#### [Data records]
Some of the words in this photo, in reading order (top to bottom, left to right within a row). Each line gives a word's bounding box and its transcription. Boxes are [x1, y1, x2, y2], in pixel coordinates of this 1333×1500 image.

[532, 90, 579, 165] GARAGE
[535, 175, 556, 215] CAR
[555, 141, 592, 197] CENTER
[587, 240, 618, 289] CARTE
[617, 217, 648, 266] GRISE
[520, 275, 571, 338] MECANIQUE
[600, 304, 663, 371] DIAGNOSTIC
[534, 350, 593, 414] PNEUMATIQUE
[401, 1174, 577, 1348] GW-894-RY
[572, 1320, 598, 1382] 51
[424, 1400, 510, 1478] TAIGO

#### [Problem to work on]
Reproduce every record above, word for word.

#### [Task result]
Some of the words in this photo, in reading order (top to bottom, left to right within a row). Each line gives a word's bounding box and its transcription. Boxes are [x1, y1, x2, y2], in pixel coordinates of this 1333×1500 image.

[532, 90, 579, 165] GARAGE
[535, 175, 556, 215] CAR
[555, 141, 592, 197] CENTER
[587, 240, 618, 289] CARTE
[617, 217, 648, 266] GRISE
[520, 275, 571, 338] MECANIQUE
[600, 304, 663, 371] DIAGNOSTIC
[534, 350, 593, 414] PNEUMATIQUE
[401, 1174, 577, 1348] GW-894-RY
[572, 1320, 598, 1382] 51
[424, 1400, 510, 1478] TAIGO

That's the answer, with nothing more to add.